Why you should listen

When Aziz Abu Sarah was a boy, his older brother was arrested on charges of throwing stones. He was taken to prison and beaten — and died of his injuries. Sarah grew up angry, bitter and wanting revenge. But when later in life he met, for the first time, Jews who were not soldiers, Sarah had an epiphany: Not only did they share his love of small things, namely country music, but coming face to face with the “enemy” compelled him to find ways to overcome hatred, anger and fear.

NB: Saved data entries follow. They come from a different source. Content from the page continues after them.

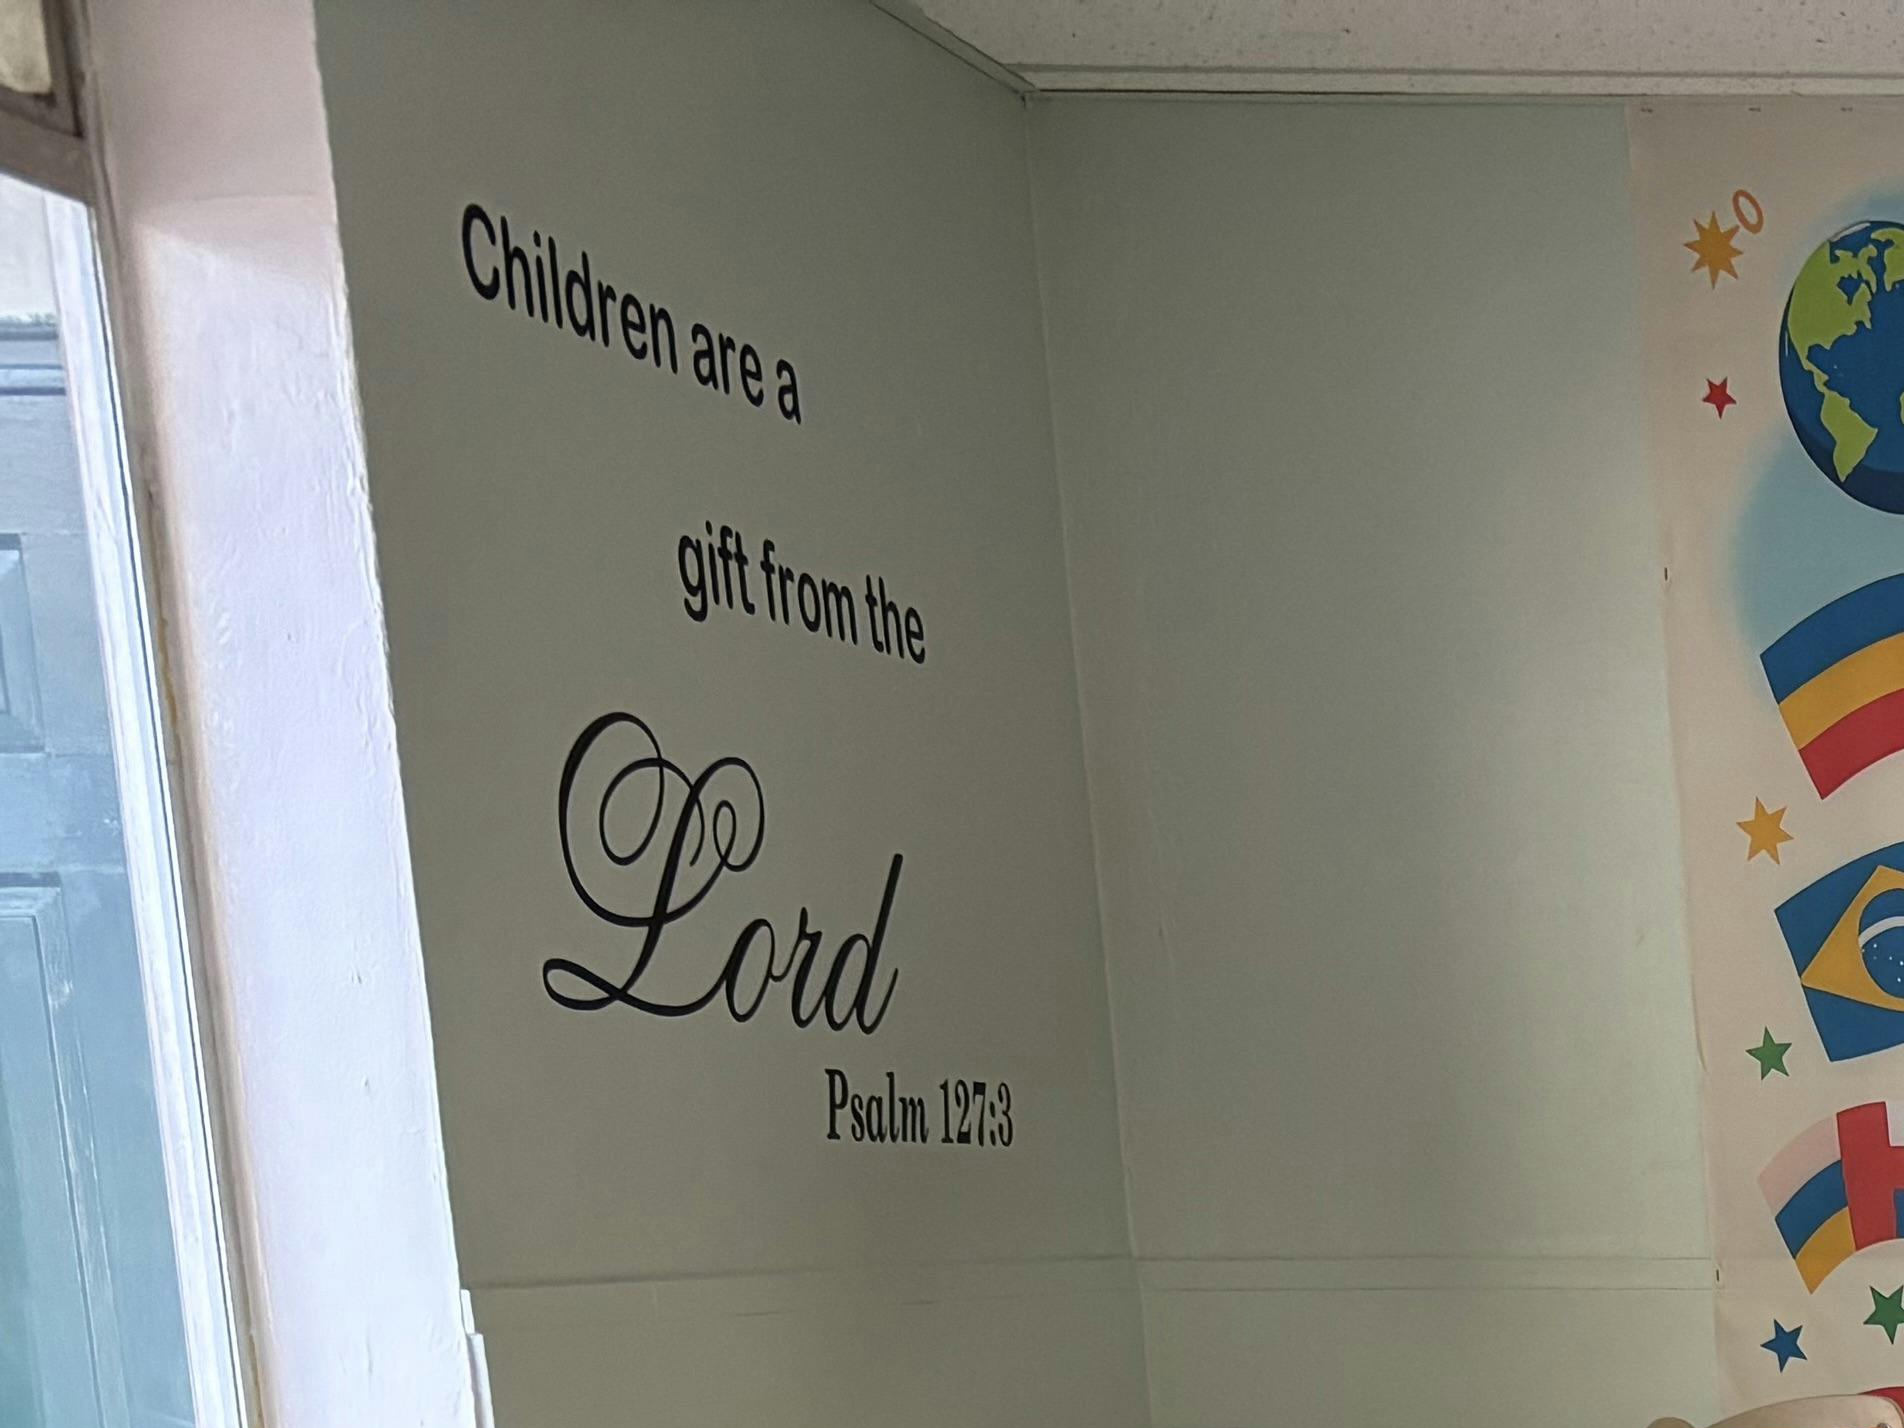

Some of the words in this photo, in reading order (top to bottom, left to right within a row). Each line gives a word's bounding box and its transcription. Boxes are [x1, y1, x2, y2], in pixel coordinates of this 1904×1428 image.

[462, 203, 678, 376] Children
[691, 323, 765, 408] are
[776, 358, 802, 426] a
[678, 520, 756, 623] gift
[760, 538, 858, 646] from
[865, 574, 926, 665] the
[543, 711, 904, 1036] Lord
[824, 1068, 929, 1144] Psalm
[939, 1078, 1013, 1147] 127:3

Sarah founded MEJDI Tours to send tourists to Jerusalem with two guides, one Jewish and one Palestinian, each offering a different history and narrative of the city. Sarah tells success stories of tourists from the US visiting a Palestinian refugee camp and listening to joint Arab and Jewish bands play music, and of a Muslim family from the UK sharing Sabbath dinner with a Jewish family and realizing that 100 years ago, their people came from the same town in Northern Africa. MEJDI is expanding its service to Iran, Turkey, Ireland and other regions suffering from cultural conflict. If more of the world’s 1 billion tourists were to engage with real people living real lives, argues Sarah, it would be a powerful force for shattering sterotypes and promoting understanding, friendship and peace.